“You mean that there is something dishonest involved?” inquired the boy.

“That all depends on what you call dishonest. Some folks are pretty finicky. This something doesn’t come within the law exactly, but there’s good money in it.”

“I don’t want any of it,” said Jack, and moved off.

The man called after him.

“All right, if that’s the way you feel about it, but just forget anything I said.”

Jack did not reply, but hurried on. He was bound for the Boulevard des Arts, one of the most beautiful thoroughfares in Europe. As he walked along, he wondered what the man who had intercepted him could have been driving at. He finally gave it up as too tough a problem. But later on he was to recollect the conversation vividly.

Jack’s pay was not very large, nor was that of his chum, Raynor, but the two planned a trip one day on one of the canals. They boarded an odd-looking boat and for a very small sum they voyaged across the frontier into Holland with its quaintly dressed peasants, low, flat fields and general air of neatness.

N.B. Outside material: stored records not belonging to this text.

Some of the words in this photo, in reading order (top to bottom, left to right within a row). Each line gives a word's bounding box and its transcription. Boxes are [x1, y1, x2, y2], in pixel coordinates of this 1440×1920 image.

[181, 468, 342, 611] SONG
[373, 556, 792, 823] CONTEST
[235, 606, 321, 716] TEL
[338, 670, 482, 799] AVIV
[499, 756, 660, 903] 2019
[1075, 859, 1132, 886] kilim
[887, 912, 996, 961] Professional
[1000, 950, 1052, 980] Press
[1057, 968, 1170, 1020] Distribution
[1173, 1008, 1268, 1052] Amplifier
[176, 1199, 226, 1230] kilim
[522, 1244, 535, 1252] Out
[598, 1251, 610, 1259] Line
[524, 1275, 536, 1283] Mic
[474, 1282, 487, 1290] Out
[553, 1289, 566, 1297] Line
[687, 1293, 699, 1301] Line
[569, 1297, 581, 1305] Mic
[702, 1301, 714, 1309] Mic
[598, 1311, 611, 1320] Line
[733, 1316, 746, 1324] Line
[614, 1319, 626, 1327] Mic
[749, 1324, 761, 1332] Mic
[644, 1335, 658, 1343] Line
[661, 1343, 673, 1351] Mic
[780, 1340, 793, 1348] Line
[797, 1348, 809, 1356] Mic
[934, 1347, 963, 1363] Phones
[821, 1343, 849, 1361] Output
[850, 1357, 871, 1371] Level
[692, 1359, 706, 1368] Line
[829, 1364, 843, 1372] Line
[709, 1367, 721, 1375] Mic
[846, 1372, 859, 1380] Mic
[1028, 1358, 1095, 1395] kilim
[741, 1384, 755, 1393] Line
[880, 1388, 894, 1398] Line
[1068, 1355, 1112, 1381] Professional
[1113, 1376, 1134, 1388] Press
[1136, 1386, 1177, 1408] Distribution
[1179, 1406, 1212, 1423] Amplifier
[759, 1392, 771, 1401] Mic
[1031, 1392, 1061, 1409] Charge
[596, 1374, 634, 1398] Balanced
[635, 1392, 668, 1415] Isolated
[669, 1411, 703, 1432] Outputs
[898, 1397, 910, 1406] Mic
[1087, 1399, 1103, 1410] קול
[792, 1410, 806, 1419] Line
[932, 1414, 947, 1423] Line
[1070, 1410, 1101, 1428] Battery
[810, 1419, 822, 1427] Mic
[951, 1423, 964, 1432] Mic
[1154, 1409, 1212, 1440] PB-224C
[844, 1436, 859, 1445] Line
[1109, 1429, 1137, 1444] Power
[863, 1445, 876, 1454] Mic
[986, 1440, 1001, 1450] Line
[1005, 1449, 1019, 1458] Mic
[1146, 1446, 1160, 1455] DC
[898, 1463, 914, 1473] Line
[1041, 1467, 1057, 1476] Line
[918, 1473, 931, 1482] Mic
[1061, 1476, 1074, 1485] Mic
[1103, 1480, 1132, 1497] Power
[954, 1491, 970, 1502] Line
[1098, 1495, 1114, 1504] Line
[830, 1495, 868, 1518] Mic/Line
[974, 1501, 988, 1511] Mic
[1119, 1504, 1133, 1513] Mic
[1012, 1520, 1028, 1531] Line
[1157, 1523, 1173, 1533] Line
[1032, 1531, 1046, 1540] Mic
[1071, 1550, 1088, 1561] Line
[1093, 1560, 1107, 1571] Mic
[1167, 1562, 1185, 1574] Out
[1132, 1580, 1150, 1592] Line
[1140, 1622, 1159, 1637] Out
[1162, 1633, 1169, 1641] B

It was drowsy work gliding along the canal at a rate of not more than six knots an hour. Jack declared that he would have gone to sleep for the voyage, had it not been for the captain of the canal craft, who was a most willing performer with his whistle, and tooted at everything and everybody he saw.

From time to time they slowed up at a dock and the passenger, if a man, jumped off without the boat stopping. When a woman traveler wished to alight, the boat was brought to a standstill.

“Look over there!” called Raynor suddenly, as they passed a pretty cottage on the canal banks.